Example 2, “A Sample For-Each” shows an example of a p:for-each in action.

Example 2. A Sample For-Each

<p:for-each name="chapters">
  <p:input port="chap" href="http://example.org/docbook.xml" select="//chapter"/>
  <p:output port="html" step="xform-to-html source="result"/>
  <p:output port="fo" step="xform-to-fo" source="result"/>
  <p:step name="xform-to-fo" type="p:xslt">
    <p:input name="document" step="chapters" source="chap"/>
    <p:input name="stylesheet" href="fo/docbook.xsl"/>
  </p:step>
  <p:step name="xform-to-html" type="p:xslt">
    <p:input name="document" step="chapters" source="chap"/>
    <p:input name="stylesheet" href="html/docbook.xsl"/>
  </p:step>
</p:for-each>

The //chapters of the DocBook document are selected. Each chapter is transformed into HTML and XSL FO using an XSLT step. The resulting HTML and FO documents are aggregated together and appear on the html and fo ports, respectively, of the chapters construct itself.

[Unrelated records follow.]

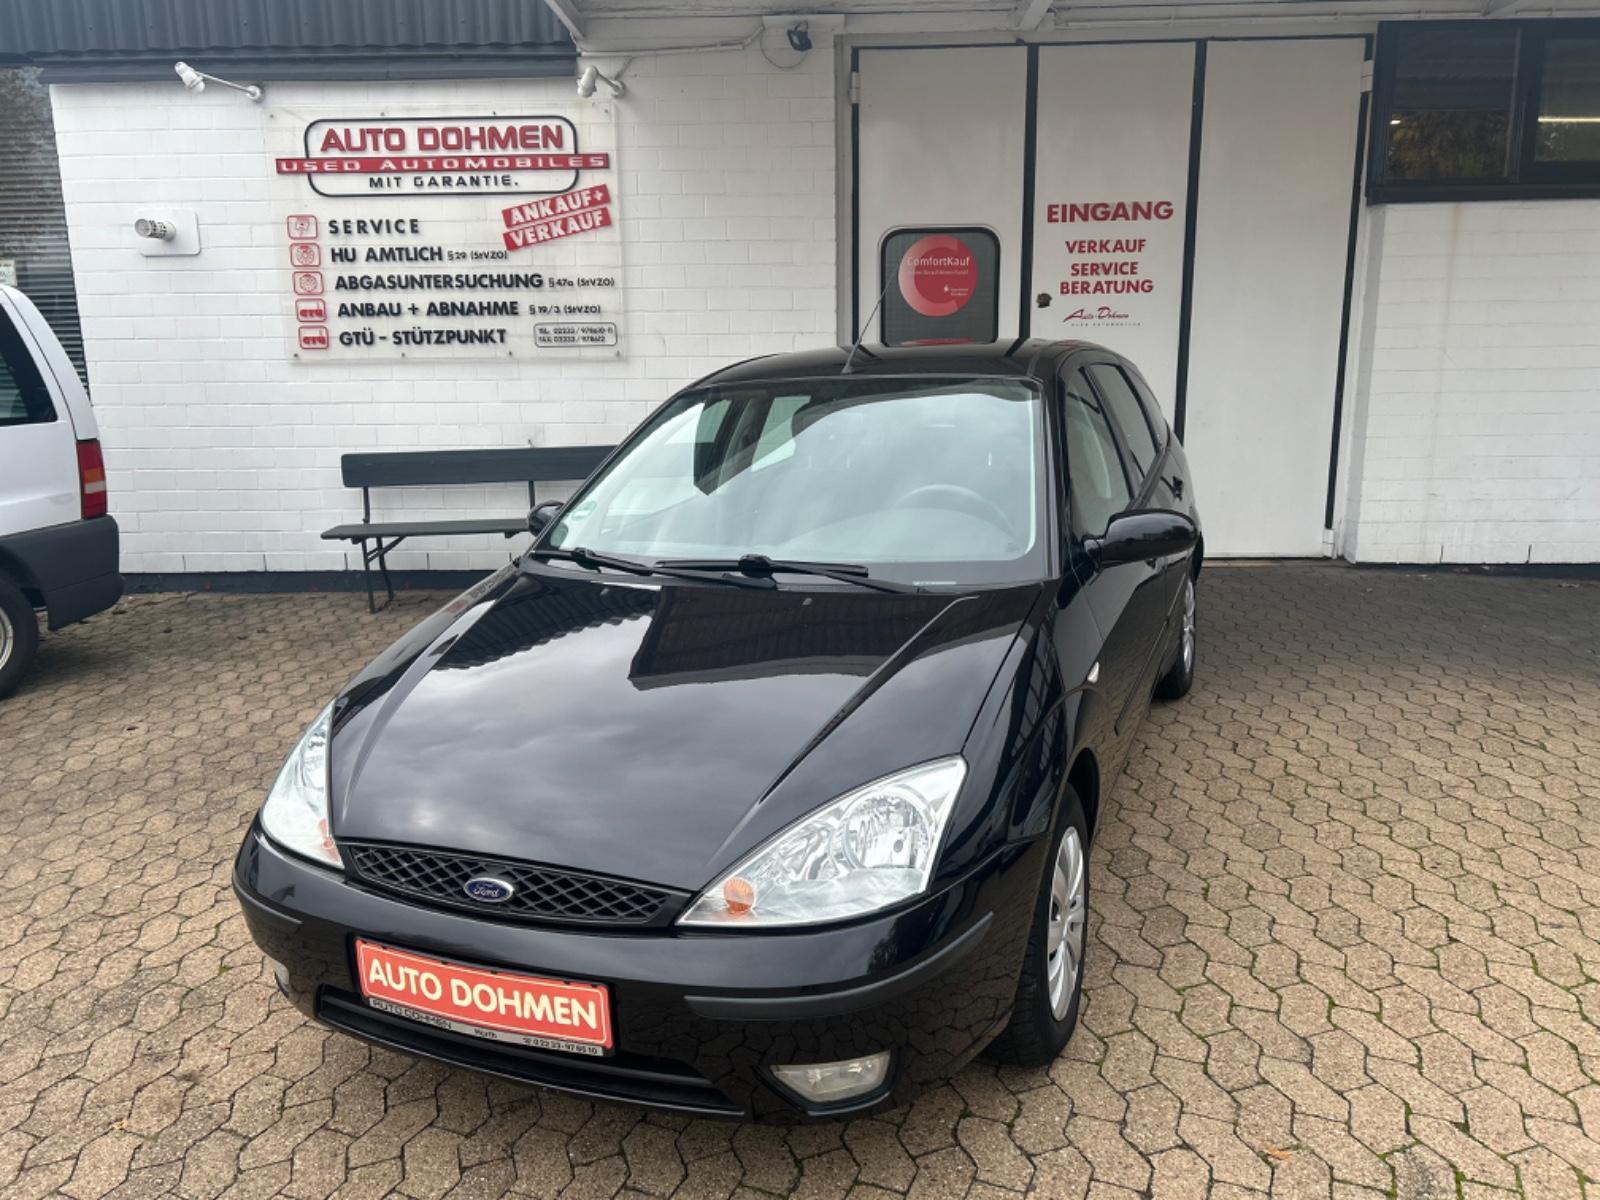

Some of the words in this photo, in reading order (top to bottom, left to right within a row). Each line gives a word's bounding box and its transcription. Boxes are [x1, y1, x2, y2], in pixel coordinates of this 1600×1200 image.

[320, 127, 406, 153] AUTO
[417, 124, 563, 151] DOHMEN
[281, 160, 361, 172] USED
[379, 155, 605, 171] AUTOMOBILES
[369, 177, 402, 188] MIT
[413, 174, 518, 187] GARANTIE.
[1047, 201, 1174, 222] EINGANG
[328, 218, 419, 234] SERVICE
[510, 211, 603, 247] VERKAUF
[331, 247, 356, 263] HU
[365, 246, 443, 262] AMTLICH
[1065, 239, 1147, 254] VERKAUF
[1071, 262, 1138, 276] SERVICE
[335, 273, 543, 290] ABGASUNTERSUCHUNG
[1060, 279, 1154, 295] BERATUNG
[338, 302, 401, 317] ANBAU
[408, 303, 419, 316] +
[426, 301, 519, 317] ABNAHME
[340, 327, 374, 346] GTÜ
[393, 326, 507, 345] STÜTZPUNKT
[474, 887, 499, 898] Ford
[369, 958, 442, 1000] AUTO
[451, 978, 597, 1029] DOHMEN

It is a static error if there is not exactly one p:input child of p:for-each or if the declared input does not specify a binding.

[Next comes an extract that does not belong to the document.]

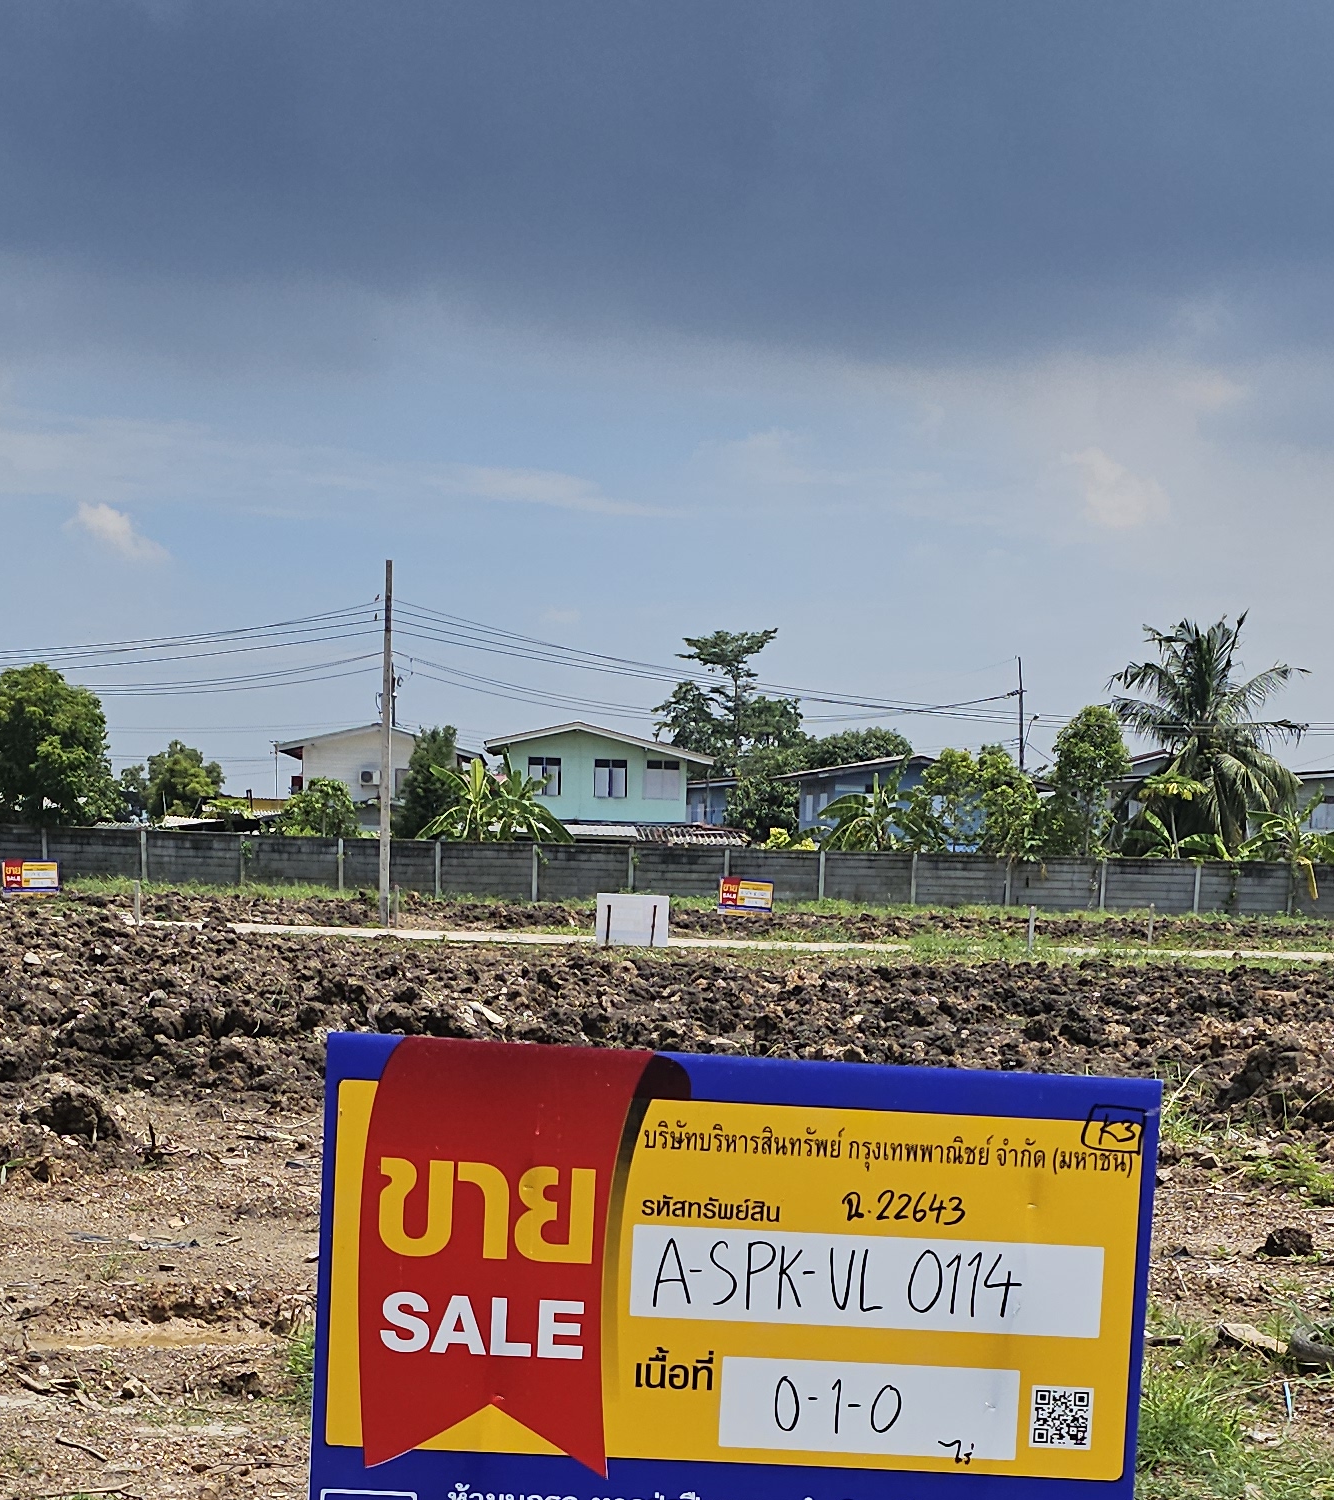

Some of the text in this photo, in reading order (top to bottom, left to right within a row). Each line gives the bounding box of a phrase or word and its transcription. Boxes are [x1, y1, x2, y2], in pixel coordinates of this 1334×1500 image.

It is a static error if any declared output does not specify a binding.

4.2.8 p:viewport Element

A p:viewport represents a viewport.

<p:viewport name = NCName> (p:input, p:output, p:parameter*, subpipeline) </p:viewport>

Exactly one input must be declared and it must include both a binding and a select expression. Exactly one output must be declared and it must include a binding. The processor will provide a document that contains each set of nodes that matches the specified select expression through the input binding to the subpipeline represented by the children of the p:viewport, one at a time. What appears on the output from the p:viewport will be a copy of the input document except that where each matching node or set of nodes appears, the result of applying the subpipeline to those nodes will be output.

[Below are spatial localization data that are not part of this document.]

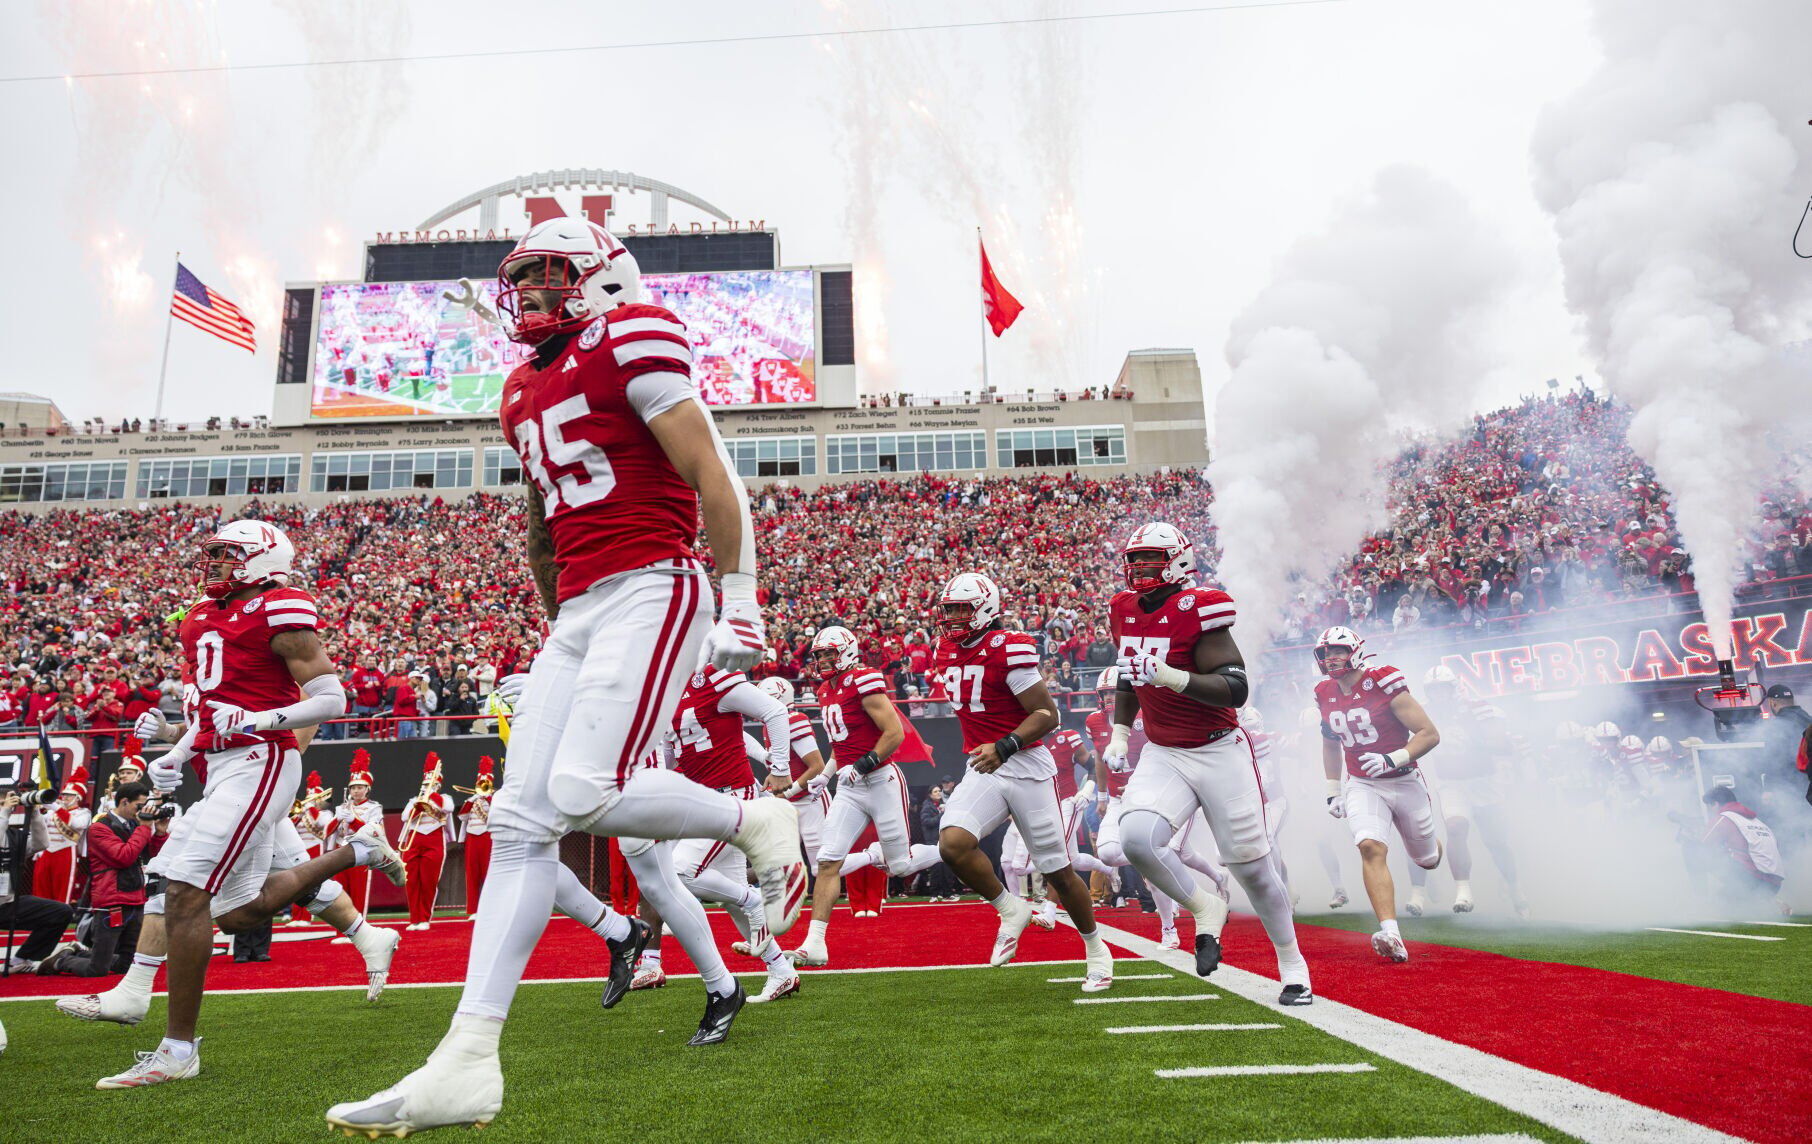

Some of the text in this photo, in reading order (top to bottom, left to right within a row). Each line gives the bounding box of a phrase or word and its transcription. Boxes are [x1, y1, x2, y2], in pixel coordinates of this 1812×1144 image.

[376, 219, 767, 245] MEMORIAL STADIUM
[261, 526, 275, 546] N
[196, 630, 224, 691] 0
[944, 665, 986, 712] 97
[674, 706, 713, 758] 4
[1328, 707, 1379, 748] 93

It is a dynamic error if the input source is a sequence of more than one document or if the output from any iteration is a sequence of more than one document.

Example 3, “A Sample Viewport” shows an example of a p:viewport in action.

Example 3. A Sample Viewport

<p:viewport name="encdivs">
  <p:input port="div" step="step" source="port" select="//h:div[@class='enc']"/>
  <p:output port="html" step="encrypt" source="result"/>
  <p:step name="encrypt" type="p:encrypt-document">
    <p:input name="document" step="encdivs" source="div"/>
  </:step>
</p:viewport>

The //h:div[@class='enc']s of the document are selected. Each selected div is encrypted and the resulting encrypted version replaces the original div. The result of the whole construct is a copy of the input document with each selected div encrypted.

Editorial Note

The WG has decided that the semantics of the XPath expression on viewport should be “match” semantics (a la XSLT), not select semantics. That decision is not been reflected in this draft.

It is a static error if there is not exactly one p:input child and exactly one p:output child of p:viewport or if the declared ports do not specify a binding.

4.2.9 p:choose/p:when/p:otherwise Elements

A p:choose represents a choose.

<p:choose name = NCName> (p:when*, p:otherwise?) </p:choose>

The p:choose can specify a context in which the XPath expressions that occur on each branch are evaluated. If a context is specified, it must be specified in exactly one of two ways, by source:

<p:choose name = NCName step = step name source = port name> (p:when*, p:otherwise?) </p:choose>

or by URI:

<p:choose name = NCName href = URI> (p:when*, p:otherwise?) </p:choose>

Each conditional subpipeline is represented by a p:when element.

<p:when test = expression> (p:output*, p:parameter*, subpipeline) </p:when>

The p:when can specify a context in which its XPath expression is to be evaluated. If a context is specified, it must be specified in exactly one of two ways, by source:

<p:when test = expression step = step name source = port name> (p:output*, p:parameter*, subpipeline) </p:when>

or by URI:

<p:when test = expression href = URI> (p:output*, p:parameter*, subpipeline) </p:when>

If no context is specified on the p:when, the context specified on the p:choose is used. It is a static error if no context is specified in either place.

Editorial Note

The p:choose/p:when elements are inconsistent with p:for-each and p:viewport. It would be consistent to allow exactly one p:input to specify the context, instead of specifying the context directly on the p:choose and p:when elements. (Or conversely, to remove the p:input elements from p:for-each and p:viewport.)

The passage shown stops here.